Print each entry again exactly as written, and keep the pictures out.
Top of Source records
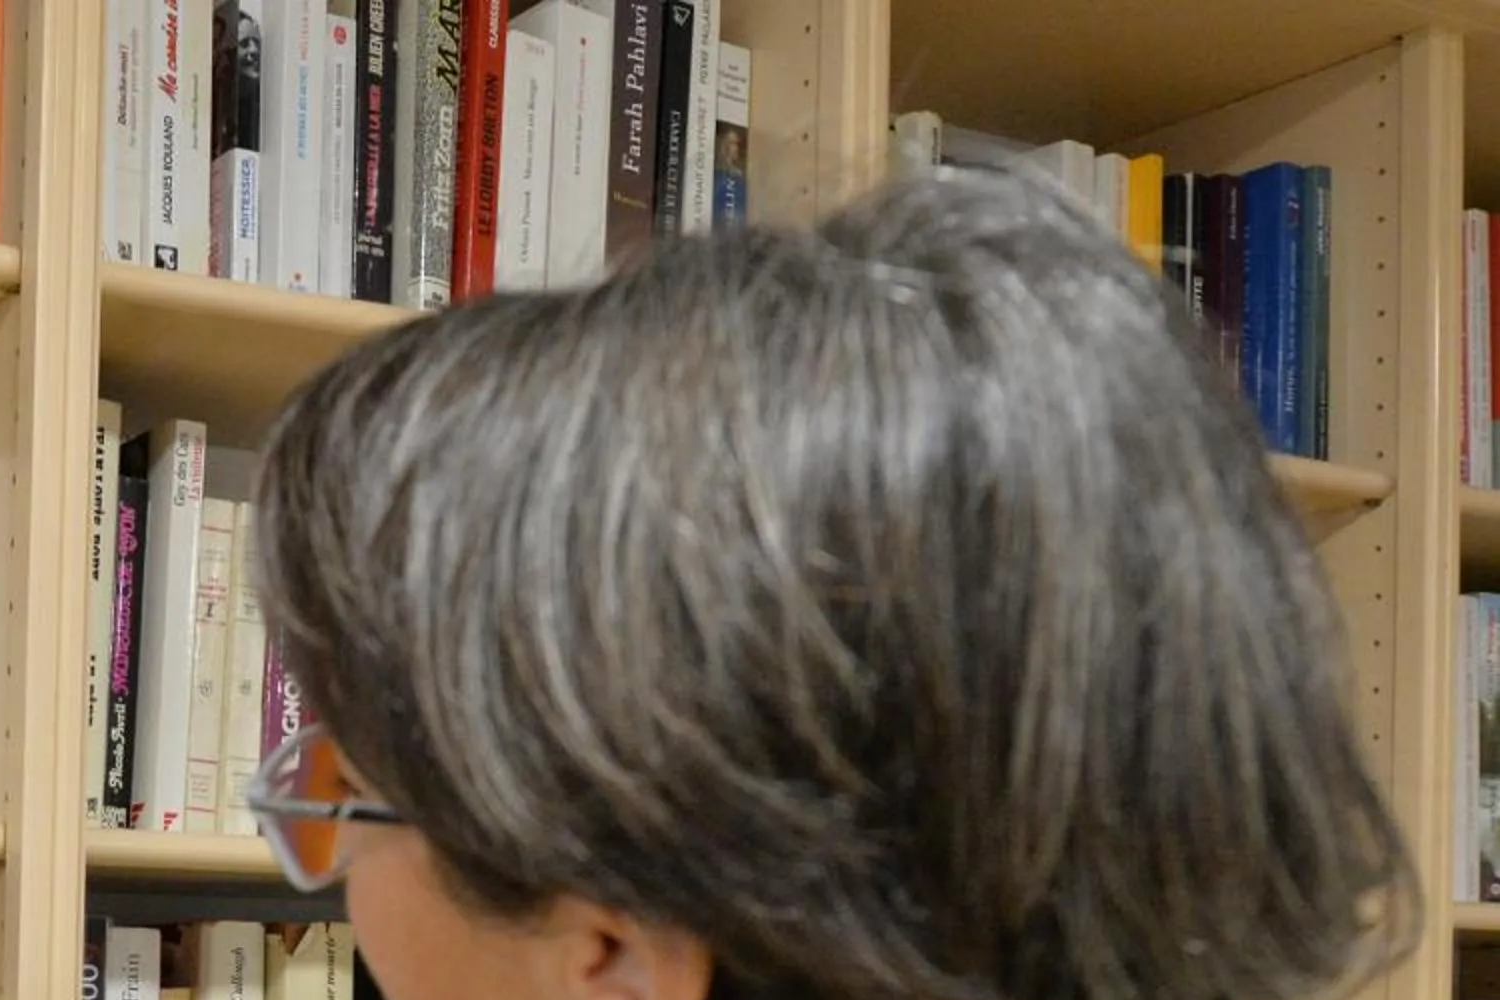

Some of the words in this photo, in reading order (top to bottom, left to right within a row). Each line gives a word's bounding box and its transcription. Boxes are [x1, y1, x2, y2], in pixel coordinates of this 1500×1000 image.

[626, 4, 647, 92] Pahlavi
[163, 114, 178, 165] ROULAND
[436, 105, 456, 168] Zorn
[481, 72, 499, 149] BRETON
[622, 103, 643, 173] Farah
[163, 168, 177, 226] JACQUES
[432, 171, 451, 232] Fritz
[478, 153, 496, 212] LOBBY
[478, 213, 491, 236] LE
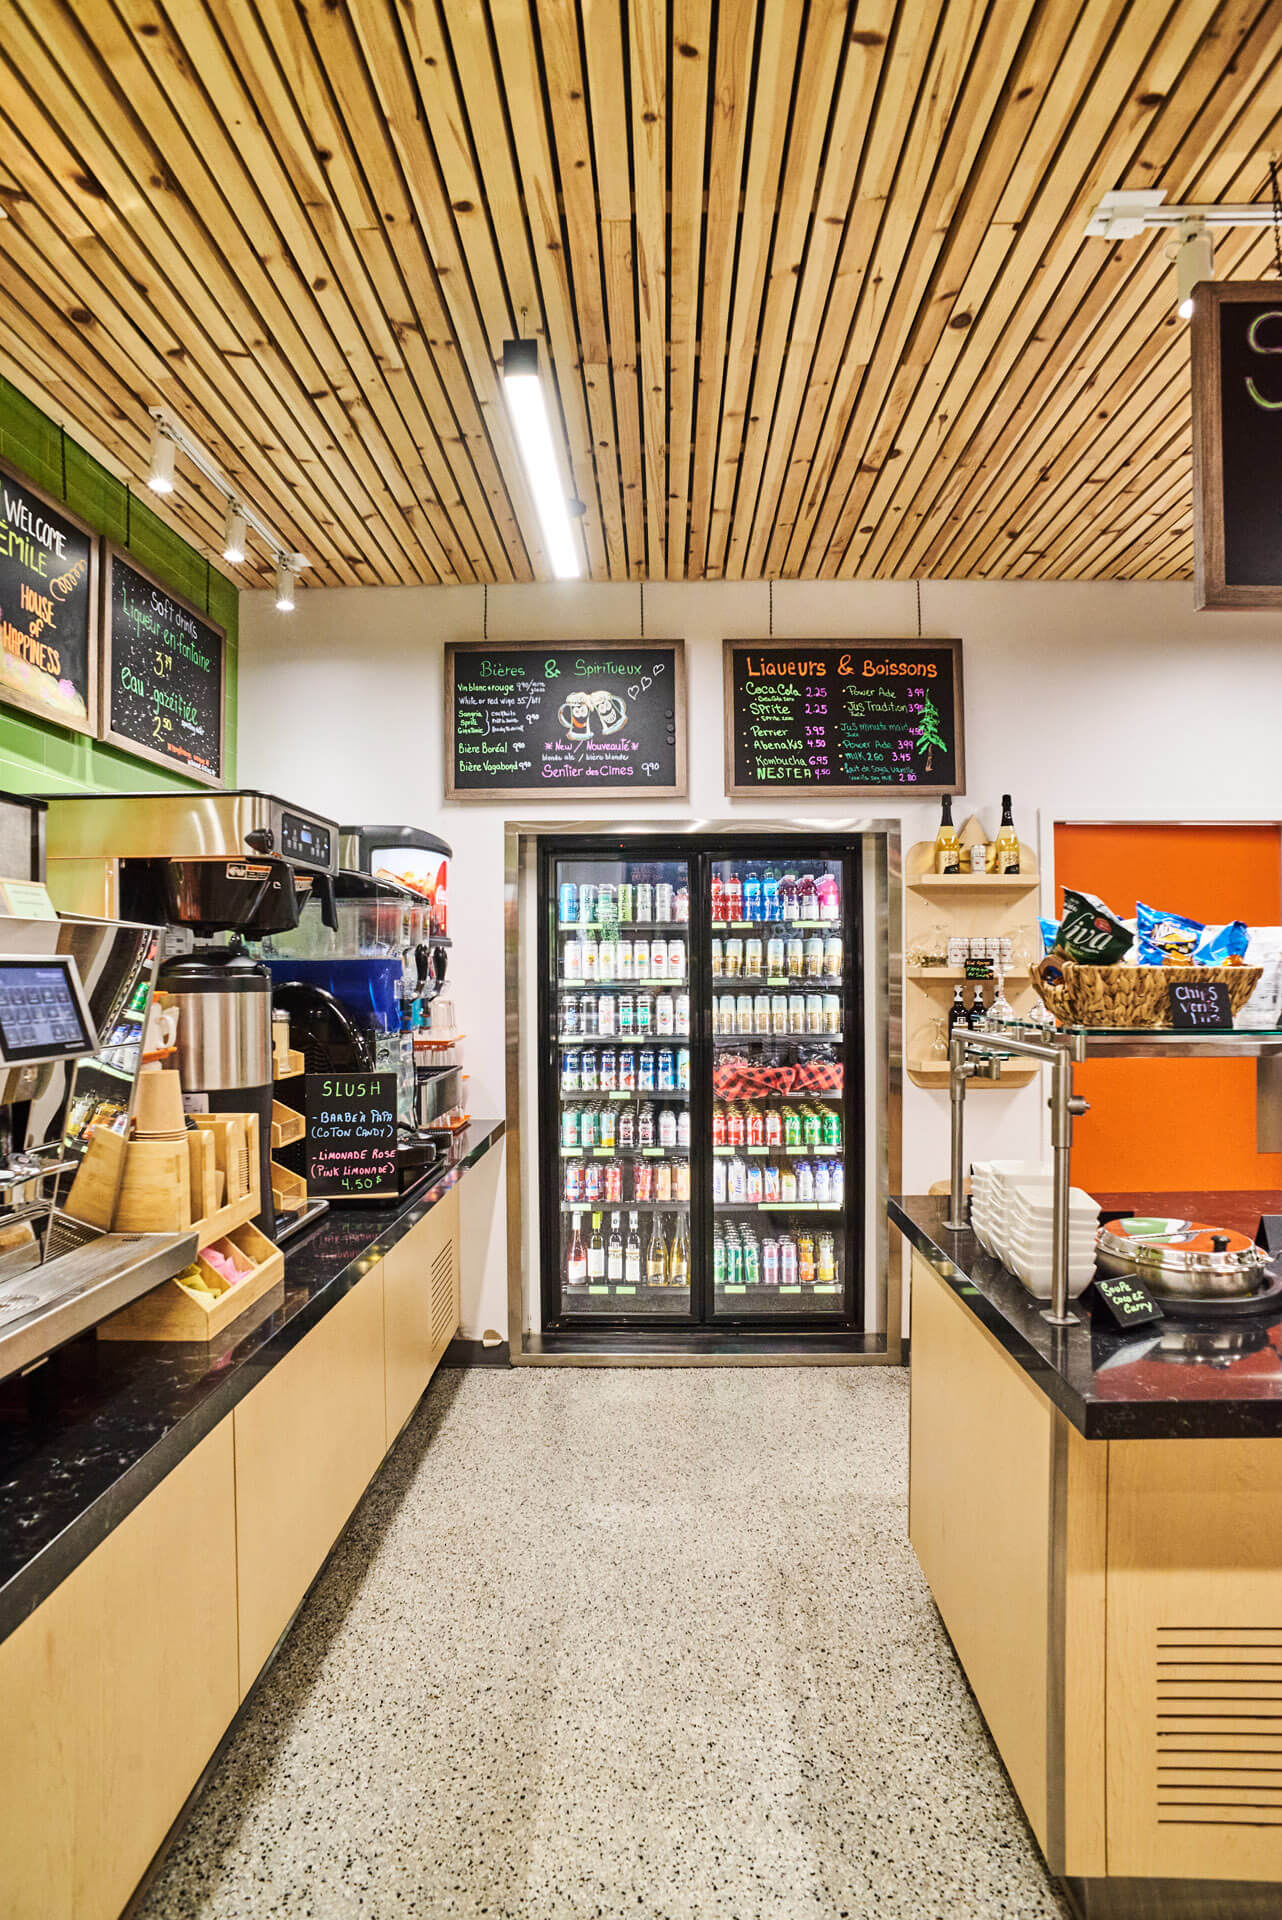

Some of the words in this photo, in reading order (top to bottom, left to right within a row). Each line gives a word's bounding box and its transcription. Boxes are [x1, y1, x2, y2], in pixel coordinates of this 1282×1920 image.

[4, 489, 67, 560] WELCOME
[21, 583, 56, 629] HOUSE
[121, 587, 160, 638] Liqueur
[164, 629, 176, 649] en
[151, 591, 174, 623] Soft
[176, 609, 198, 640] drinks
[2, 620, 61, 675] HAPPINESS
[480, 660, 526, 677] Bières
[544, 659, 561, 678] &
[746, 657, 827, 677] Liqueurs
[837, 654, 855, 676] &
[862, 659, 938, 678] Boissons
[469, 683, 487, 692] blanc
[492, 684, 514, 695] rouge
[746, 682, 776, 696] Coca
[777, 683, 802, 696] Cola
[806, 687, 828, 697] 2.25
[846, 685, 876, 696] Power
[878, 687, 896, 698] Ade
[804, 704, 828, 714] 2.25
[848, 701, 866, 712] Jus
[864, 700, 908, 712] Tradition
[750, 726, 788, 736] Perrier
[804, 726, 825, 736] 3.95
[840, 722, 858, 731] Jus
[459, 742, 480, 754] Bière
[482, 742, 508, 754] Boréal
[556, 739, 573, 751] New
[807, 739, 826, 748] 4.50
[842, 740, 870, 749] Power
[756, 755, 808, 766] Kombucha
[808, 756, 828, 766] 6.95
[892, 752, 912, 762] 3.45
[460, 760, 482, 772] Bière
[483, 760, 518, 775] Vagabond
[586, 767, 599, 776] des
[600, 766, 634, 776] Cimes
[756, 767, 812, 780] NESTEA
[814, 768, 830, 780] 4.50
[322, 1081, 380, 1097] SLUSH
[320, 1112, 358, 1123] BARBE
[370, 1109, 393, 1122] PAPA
Bottom of Source records
**Task result**
Some of the words in this photo, in reading order (top to bottom, left to right within a row). Each line gives a word's bounding box and its transcription. Boxes are [x1, y1, x2, y2], in pixel coordinates of this 1500×1000 image.

[626, 4, 647, 92] Pahlavi
[163, 114, 178, 165] ROULAND
[436, 105, 456, 168] Zorn
[481, 72, 499, 149] BRETON
[622, 103, 643, 173] Farah
[163, 168, 177, 226] JACQUES
[432, 171, 451, 232] Fritz
[478, 153, 496, 212] LOBBY
[478, 213, 491, 236] LE

Some of the words in this photo, in reading order (top to bottom, left to right within a row). Each line gives a word's bounding box and its transcription. Boxes are [x1, y1, x2, y2], in pixel coordinates of this 1282×1920 image.

[4, 489, 67, 560] WELCOME
[21, 583, 56, 629] HOUSE
[121, 587, 160, 638] Liqueur
[164, 629, 176, 649] en
[151, 591, 174, 623] Soft
[176, 609, 198, 640] drinks
[2, 620, 61, 675] HAPPINESS
[480, 660, 526, 677] Bières
[544, 659, 561, 678] &
[746, 657, 827, 677] Liqueurs
[837, 654, 855, 676] &
[862, 659, 938, 678] Boissons
[469, 683, 487, 692] blanc
[492, 684, 514, 695] rouge
[746, 682, 776, 696] Coca
[777, 683, 802, 696] Cola
[806, 687, 828, 697] 2.25
[846, 685, 876, 696] Power
[878, 687, 896, 698] Ade
[804, 704, 828, 714] 2.25
[848, 701, 866, 712] Jus
[864, 700, 908, 712] Tradition
[750, 726, 788, 736] Perrier
[804, 726, 825, 736] 3.95
[840, 722, 858, 731] Jus
[459, 742, 480, 754] Bière
[482, 742, 508, 754] Boréal
[556, 739, 573, 751] New
[807, 739, 826, 748] 4.50
[842, 740, 870, 749] Power
[756, 755, 808, 766] Kombucha
[808, 756, 828, 766] 6.95
[892, 752, 912, 762] 3.45
[460, 760, 482, 772] Bière
[483, 760, 518, 775] Vagabond
[586, 767, 599, 776] des
[600, 766, 634, 776] Cimes
[756, 767, 812, 780] NESTEA
[814, 768, 830, 780] 4.50
[322, 1081, 380, 1097] SLUSH
[320, 1112, 358, 1123] BARBE
[370, 1109, 393, 1122] PAPA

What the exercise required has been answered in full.